Content starts

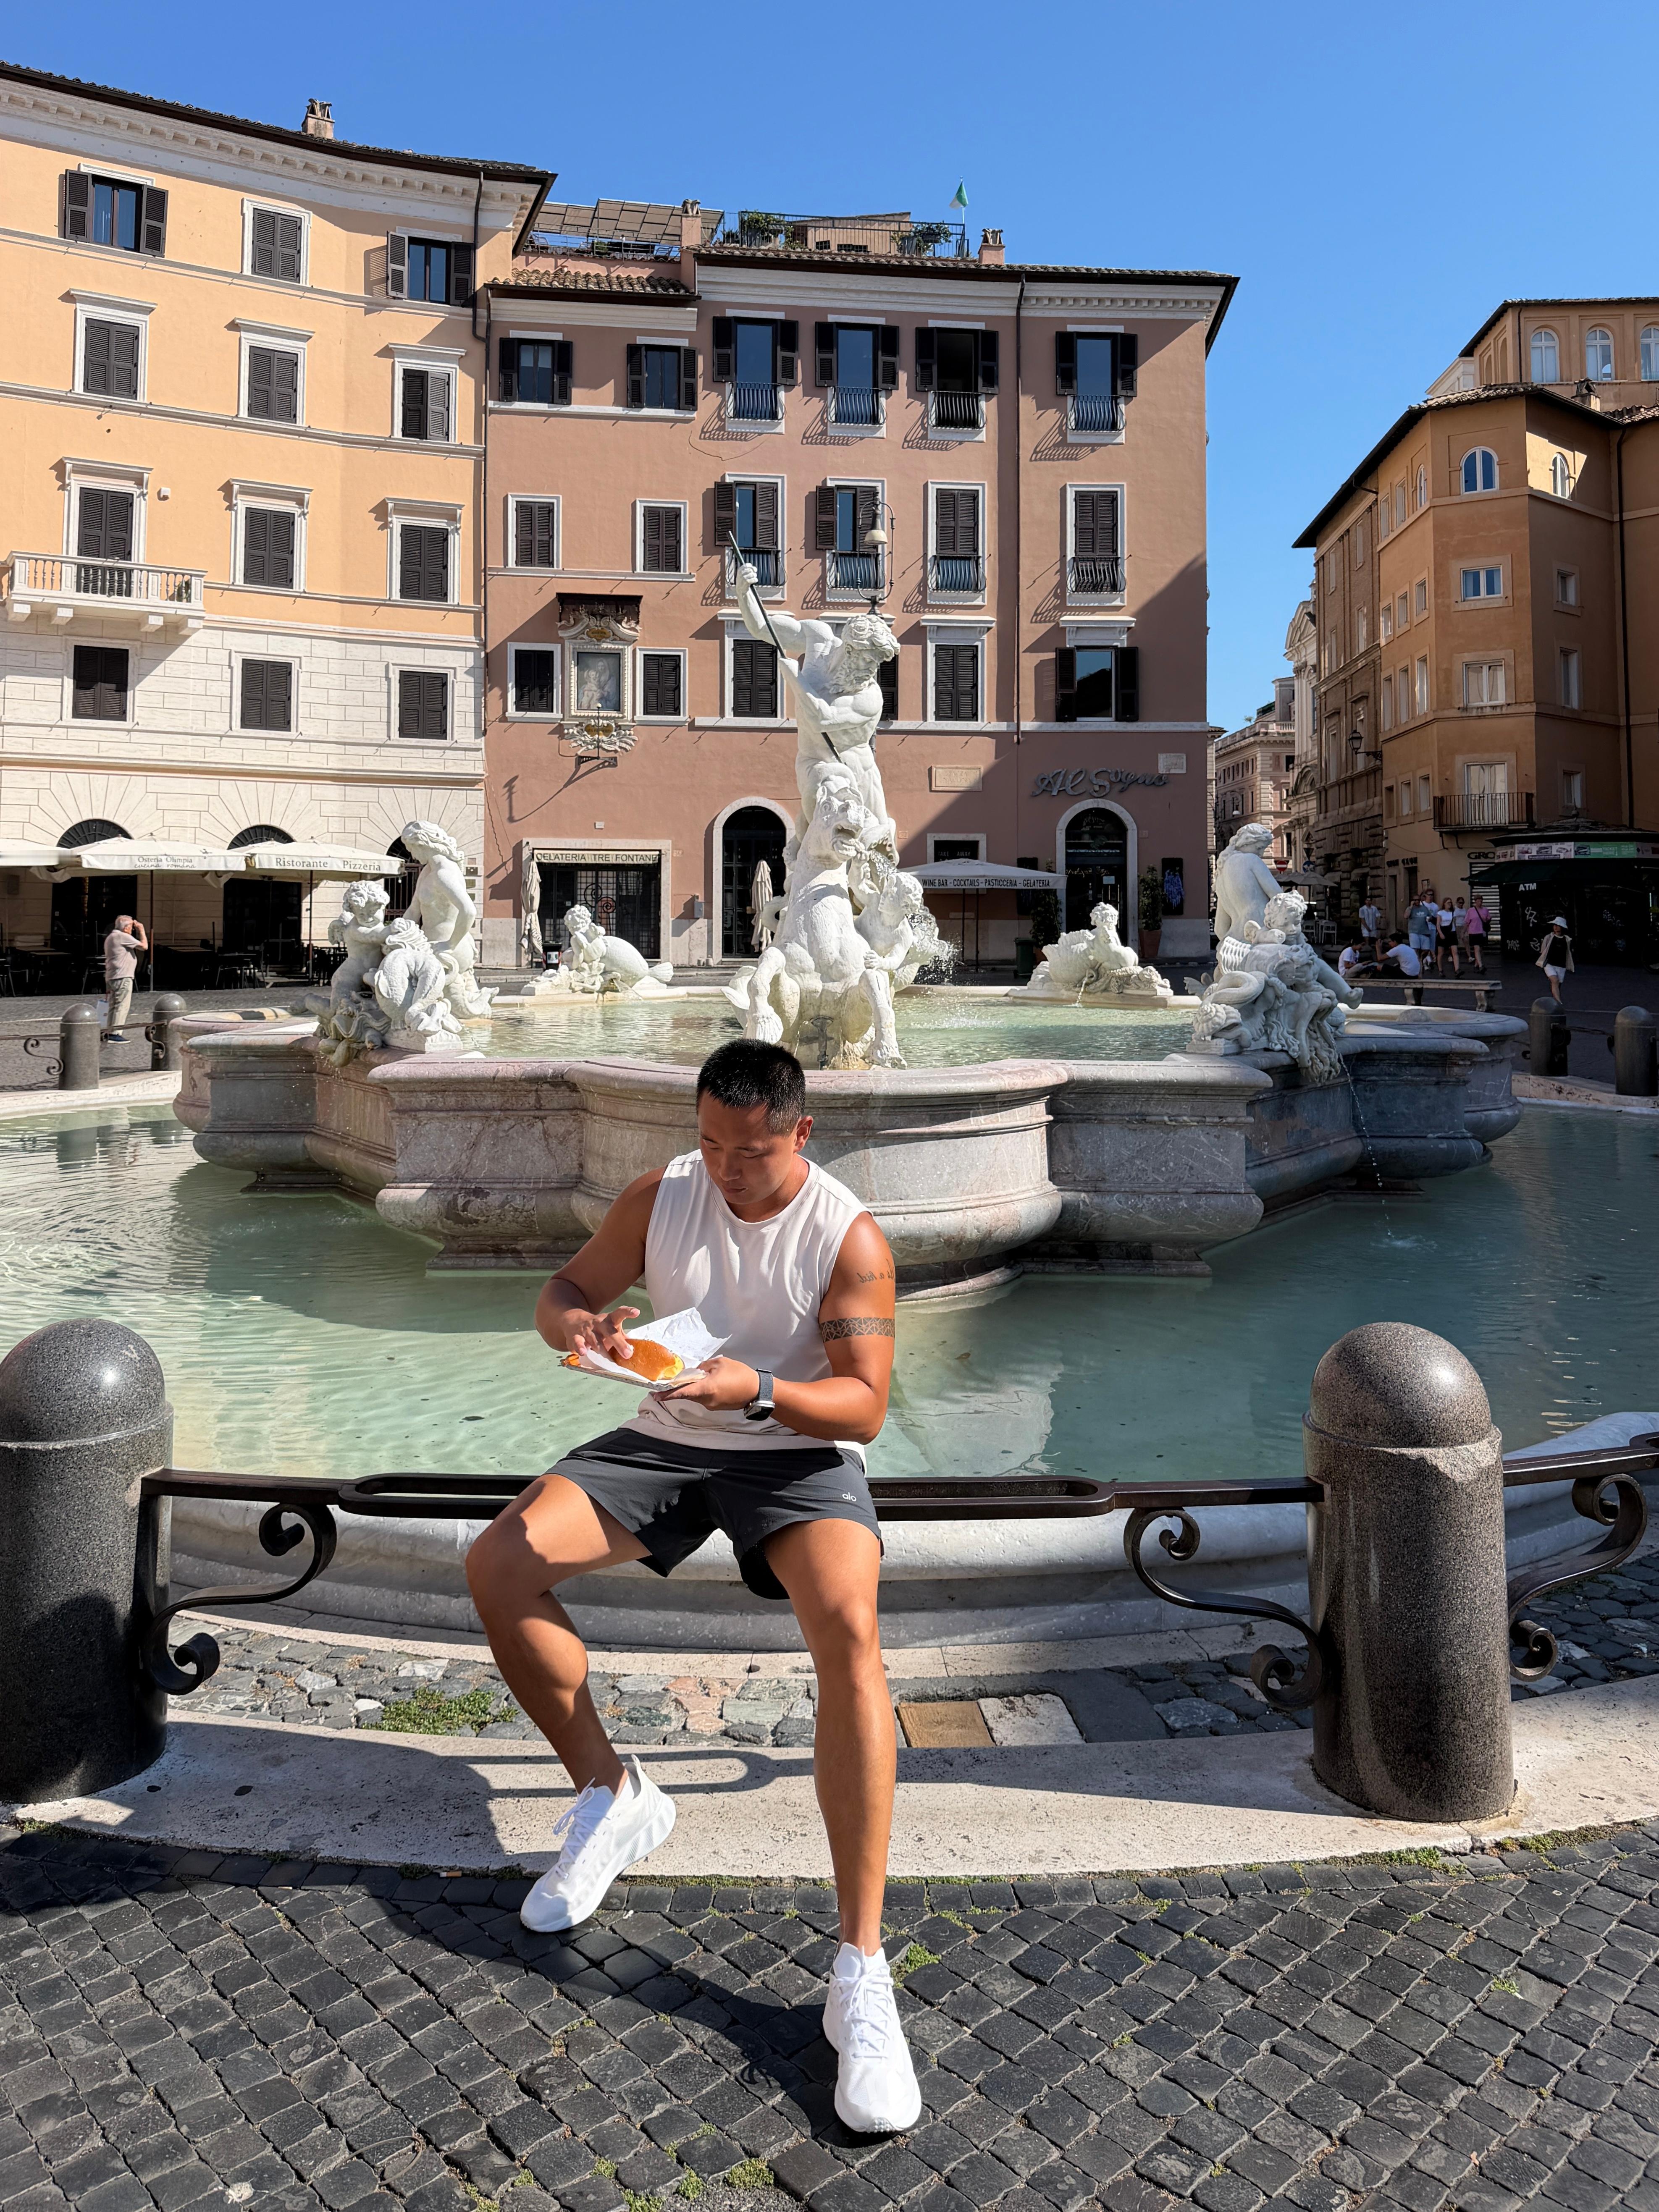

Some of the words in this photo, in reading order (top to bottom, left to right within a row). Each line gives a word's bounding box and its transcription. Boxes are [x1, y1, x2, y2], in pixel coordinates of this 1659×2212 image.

[1030, 768, 1087, 797] Al
[1089, 767, 1170, 798] Sogno
[536, 853, 586, 861] GELATERIA
[276, 857, 328, 868] Ristorante
[343, 860, 381, 871] Pizzeria
[922, 879, 936, 887] WINE
[938, 879, 948, 887] BAR
[984, 879, 1017, 887] PASTICCERIA
[1518, 883, 1537, 892] ATM
[842, 1492, 857, 1502] alo
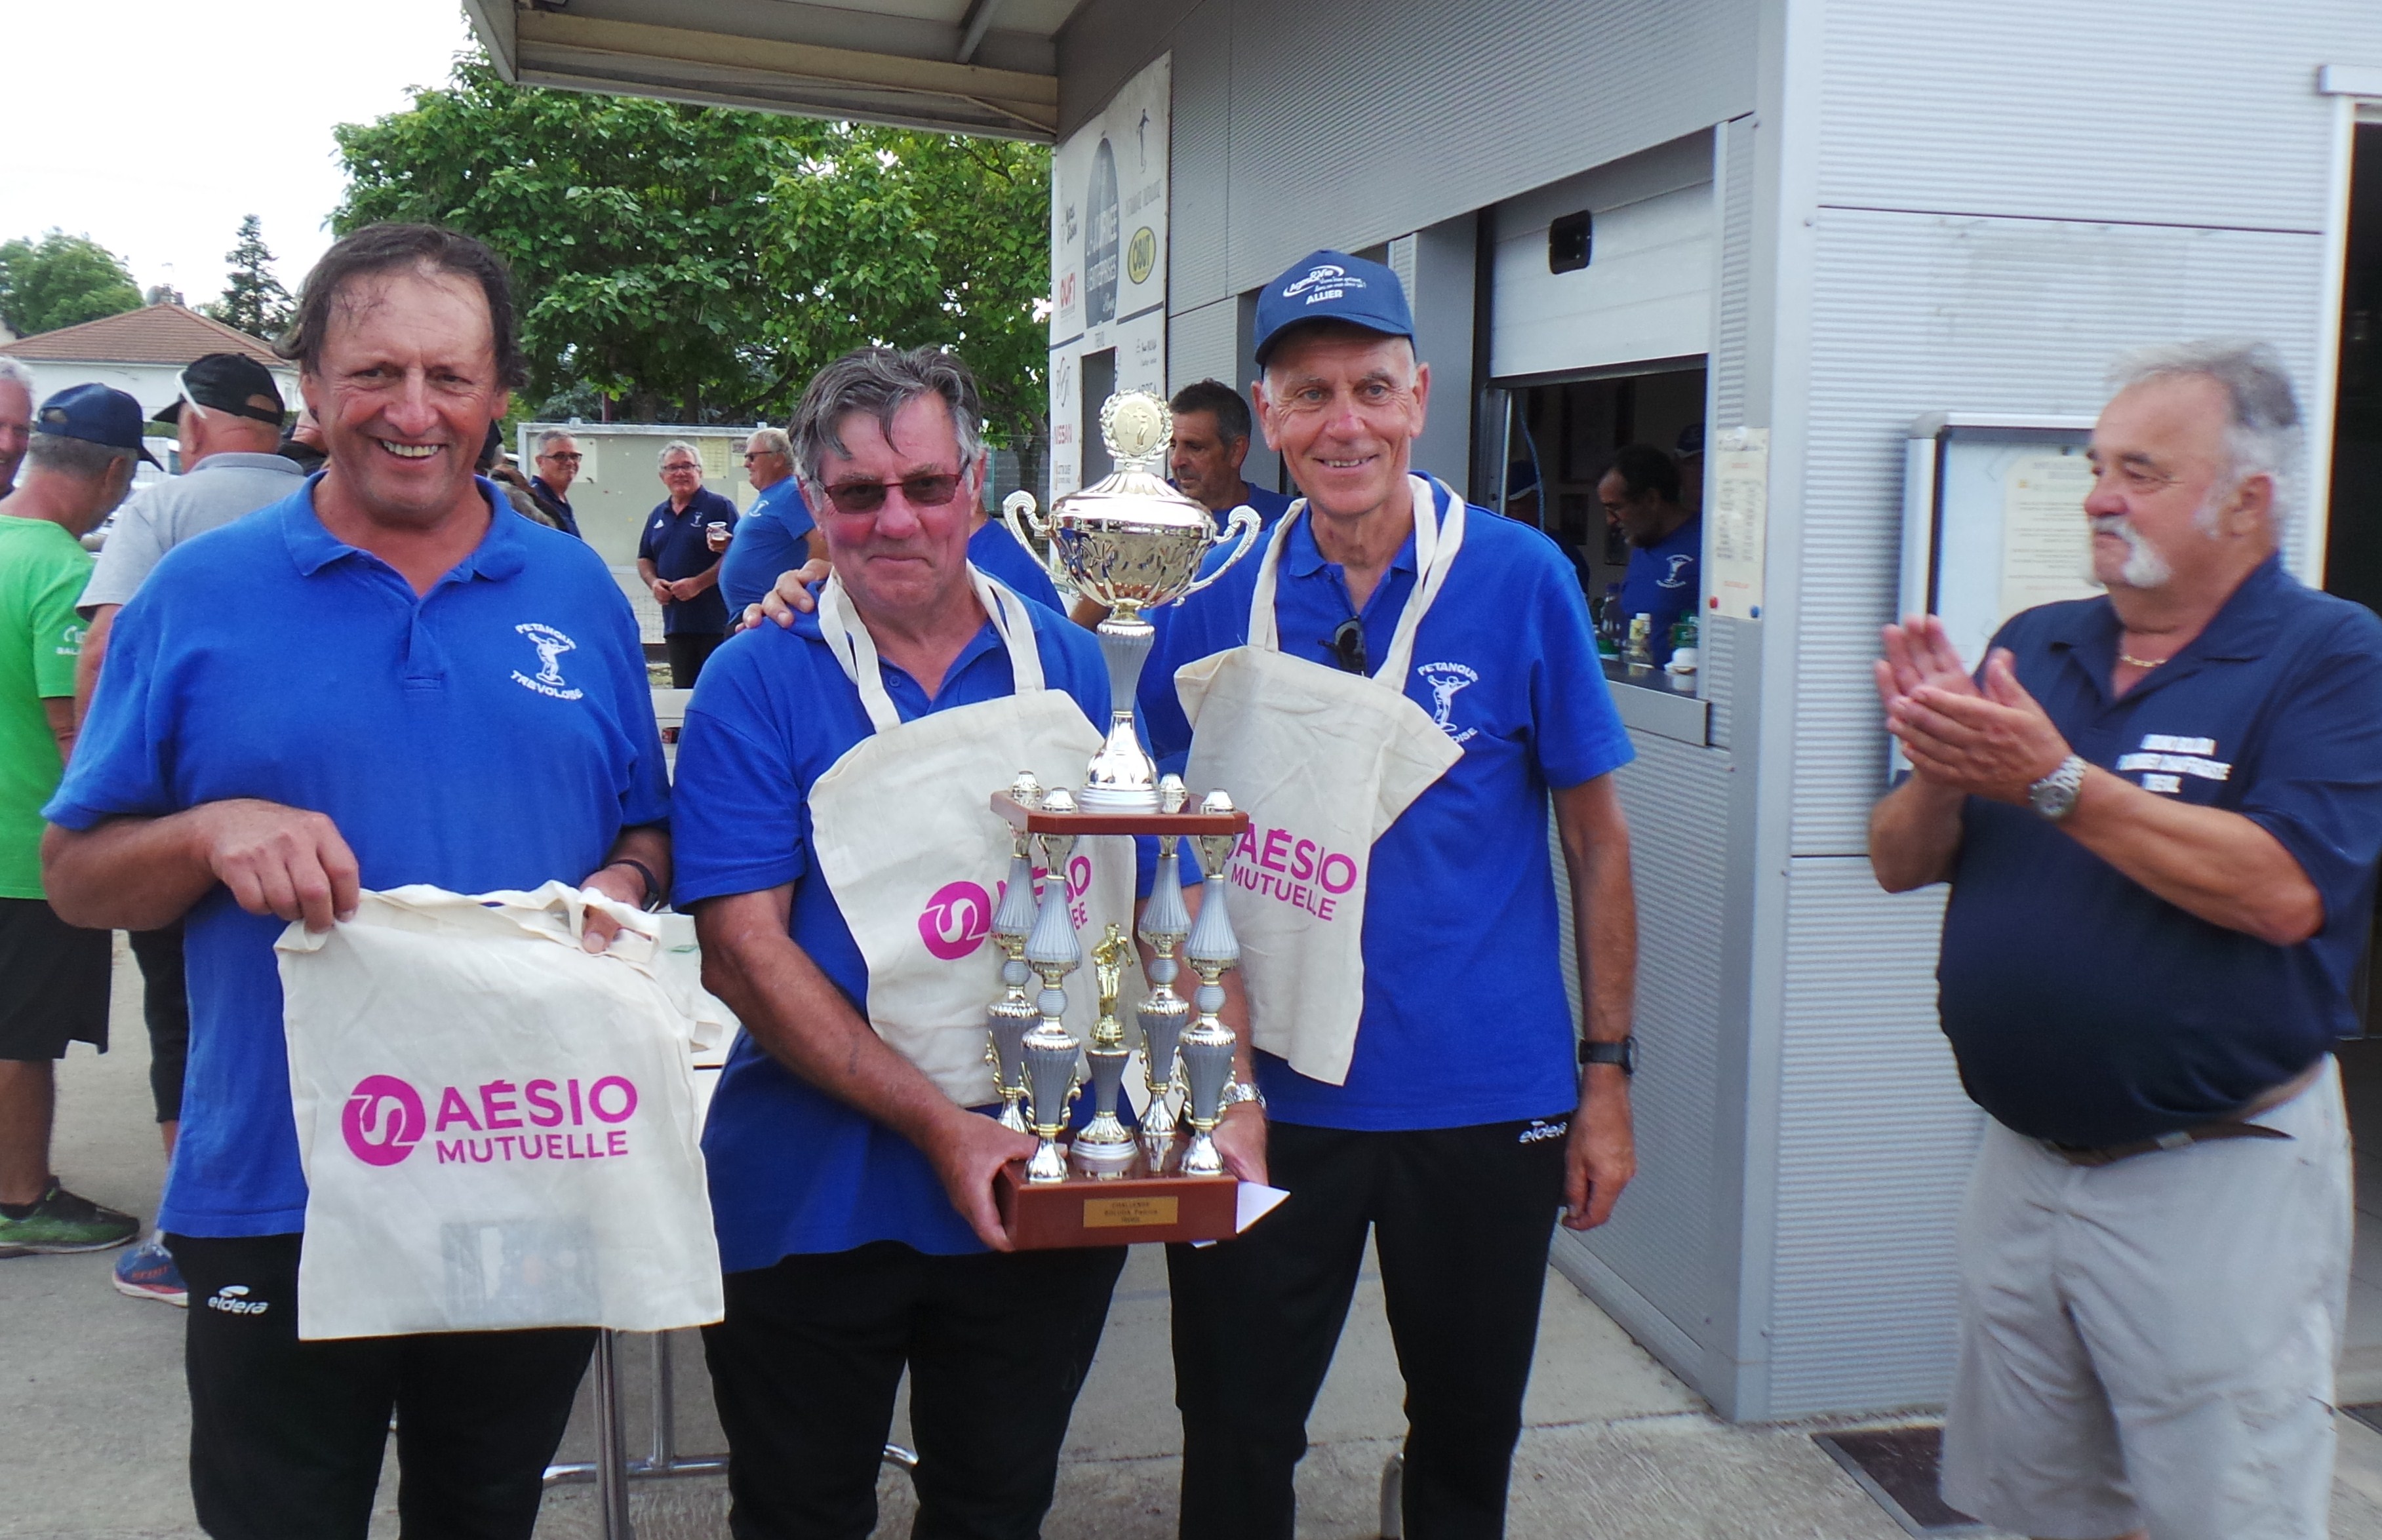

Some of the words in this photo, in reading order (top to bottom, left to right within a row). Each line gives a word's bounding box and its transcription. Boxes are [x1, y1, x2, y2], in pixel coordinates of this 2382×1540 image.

Content ends

§ **Problem**: The whole of the data above needs retyping exactly, with pictures omitted.

§ **Problem solution**:
Some of the words in this photo, in reading order (top to bottom, left to right within a row). Each line gives a word's bounding box and its transcription. Boxes are [x1, y1, x2, y2], in pixel coordinates of this 1659×2212 image.

[1030, 768, 1087, 797] Al
[1089, 767, 1170, 798] Sogno
[536, 853, 586, 861] GELATERIA
[276, 857, 328, 868] Ristorante
[343, 860, 381, 871] Pizzeria
[922, 879, 936, 887] WINE
[938, 879, 948, 887] BAR
[984, 879, 1017, 887] PASTICCERIA
[1518, 883, 1537, 892] ATM
[842, 1492, 857, 1502] alo

Some of the words in this photo, in reading order (top to bottom, left to right within a row). Each line gives a word's bounding box and its transcription. Boxes are [x1, y1, x2, y2], in pixel coordinates of this 2382×1540 image.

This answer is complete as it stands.